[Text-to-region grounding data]
○ ○ ○ ○ ○

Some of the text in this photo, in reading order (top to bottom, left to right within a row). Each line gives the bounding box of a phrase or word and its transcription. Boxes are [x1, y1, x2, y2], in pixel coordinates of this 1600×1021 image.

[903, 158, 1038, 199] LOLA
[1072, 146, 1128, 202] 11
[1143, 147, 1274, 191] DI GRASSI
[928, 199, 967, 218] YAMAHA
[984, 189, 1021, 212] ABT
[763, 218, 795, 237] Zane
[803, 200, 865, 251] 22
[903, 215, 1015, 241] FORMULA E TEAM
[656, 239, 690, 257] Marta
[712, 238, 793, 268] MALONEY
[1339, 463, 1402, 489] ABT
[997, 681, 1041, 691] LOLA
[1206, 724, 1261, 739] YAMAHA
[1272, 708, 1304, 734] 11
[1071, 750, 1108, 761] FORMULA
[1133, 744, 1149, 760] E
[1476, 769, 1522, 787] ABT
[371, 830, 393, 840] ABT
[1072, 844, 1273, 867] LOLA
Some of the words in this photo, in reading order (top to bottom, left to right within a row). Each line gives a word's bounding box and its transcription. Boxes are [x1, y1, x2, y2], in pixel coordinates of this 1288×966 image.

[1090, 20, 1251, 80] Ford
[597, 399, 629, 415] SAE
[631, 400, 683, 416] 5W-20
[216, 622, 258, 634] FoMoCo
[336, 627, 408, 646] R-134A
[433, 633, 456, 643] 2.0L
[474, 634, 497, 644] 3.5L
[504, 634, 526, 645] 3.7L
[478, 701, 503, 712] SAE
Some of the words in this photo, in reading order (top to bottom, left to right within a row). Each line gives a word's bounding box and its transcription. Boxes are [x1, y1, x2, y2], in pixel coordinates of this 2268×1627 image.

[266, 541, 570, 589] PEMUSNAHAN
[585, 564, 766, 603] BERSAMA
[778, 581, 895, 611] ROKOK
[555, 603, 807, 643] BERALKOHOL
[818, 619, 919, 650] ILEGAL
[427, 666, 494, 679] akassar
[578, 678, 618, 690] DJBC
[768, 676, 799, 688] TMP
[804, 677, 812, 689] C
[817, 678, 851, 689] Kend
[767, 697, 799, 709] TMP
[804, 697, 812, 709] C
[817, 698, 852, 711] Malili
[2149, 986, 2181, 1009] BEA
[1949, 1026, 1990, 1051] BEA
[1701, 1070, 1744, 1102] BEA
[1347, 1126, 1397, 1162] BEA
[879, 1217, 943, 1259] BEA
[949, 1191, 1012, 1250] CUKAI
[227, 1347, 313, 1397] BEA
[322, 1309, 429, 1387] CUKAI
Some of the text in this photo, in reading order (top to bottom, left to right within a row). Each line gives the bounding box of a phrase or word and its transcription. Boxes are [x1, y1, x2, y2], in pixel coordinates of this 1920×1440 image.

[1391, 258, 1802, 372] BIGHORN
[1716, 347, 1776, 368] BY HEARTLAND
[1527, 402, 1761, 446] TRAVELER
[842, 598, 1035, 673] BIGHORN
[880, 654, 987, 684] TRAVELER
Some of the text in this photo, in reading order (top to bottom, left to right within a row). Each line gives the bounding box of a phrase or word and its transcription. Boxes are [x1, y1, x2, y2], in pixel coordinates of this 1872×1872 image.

○ ○ ○ ○ ○

Task instructions — With nothing left out, copy every record exactly.

Written reply —
Some of the text in this photo, in reading order (top to bottom, left to right within a row). Each line gives the bounding box of a phrase or word and its transcription. Boxes are [x1, y1, x2, y2], in pixel coordinates of this 1600×1021 image.

[903, 158, 1038, 199] LOLA
[1072, 146, 1128, 202] 11
[1143, 147, 1274, 191] DI GRASSI
[928, 199, 967, 218] YAMAHA
[984, 189, 1021, 212] ABT
[763, 218, 795, 237] Zane
[803, 200, 865, 251] 22
[903, 215, 1015, 241] FORMULA E TEAM
[656, 239, 690, 257] Marta
[712, 238, 793, 268] MALONEY
[1339, 463, 1402, 489] ABT
[997, 681, 1041, 691] LOLA
[1206, 724, 1261, 739] YAMAHA
[1272, 708, 1304, 734] 11
[1071, 750, 1108, 761] FORMULA
[1133, 744, 1149, 760] E
[1476, 769, 1522, 787] ABT
[371, 830, 393, 840] ABT
[1072, 844, 1273, 867] LOLA
Some of the words in this photo, in reading order (top to bottom, left to right within a row). Each line gives a word's bounding box and its transcription. Boxes are [x1, y1, x2, y2], in pixel coordinates of this 1288×966 image.

[1090, 20, 1251, 80] Ford
[597, 399, 629, 415] SAE
[631, 400, 683, 416] 5W-20
[216, 622, 258, 634] FoMoCo
[336, 627, 408, 646] R-134A
[433, 633, 456, 643] 2.0L
[474, 634, 497, 644] 3.5L
[504, 634, 526, 645] 3.7L
[478, 701, 503, 712] SAE
Some of the words in this photo, in reading order (top to bottom, left to right within a row). Each line gives a word's bounding box and its transcription. Boxes are [x1, y1, x2, y2], in pixel coordinates of this 2268×1627 image.

[266, 541, 570, 589] PEMUSNAHAN
[585, 564, 766, 603] BERSAMA
[778, 581, 895, 611] ROKOK
[555, 603, 807, 643] BERALKOHOL
[818, 619, 919, 650] ILEGAL
[427, 666, 494, 679] akassar
[578, 678, 618, 690] DJBC
[768, 676, 799, 688] TMP
[804, 677, 812, 689] C
[817, 678, 851, 689] Kend
[767, 697, 799, 709] TMP
[804, 697, 812, 709] C
[817, 698, 852, 711] Malili
[2149, 986, 2181, 1009] BEA
[1949, 1026, 1990, 1051] BEA
[1701, 1070, 1744, 1102] BEA
[1347, 1126, 1397, 1162] BEA
[879, 1217, 943, 1259] BEA
[949, 1191, 1012, 1250] CUKAI
[227, 1347, 313, 1397] BEA
[322, 1309, 429, 1387] CUKAI
Some of the text in this photo, in reading order (top to bottom, left to right within a row). Each line gives the bounding box of a phrase or word and its transcription. Boxes are [x1, y1, x2, y2], in pixel coordinates of this 1920×1440 image.

[1391, 258, 1802, 372] BIGHORN
[1716, 347, 1776, 368] BY HEARTLAND
[1527, 402, 1761, 446] TRAVELER
[842, 598, 1035, 673] BIGHORN
[880, 654, 987, 684] TRAVELER
Some of the text in this photo, in reading order (top to bottom, left to right within a row). Each line gives the bounding box of a phrase or word and its transcription. Boxes are [x1, y1, x2, y2], in pixel coordinates of this 1872×1872 image.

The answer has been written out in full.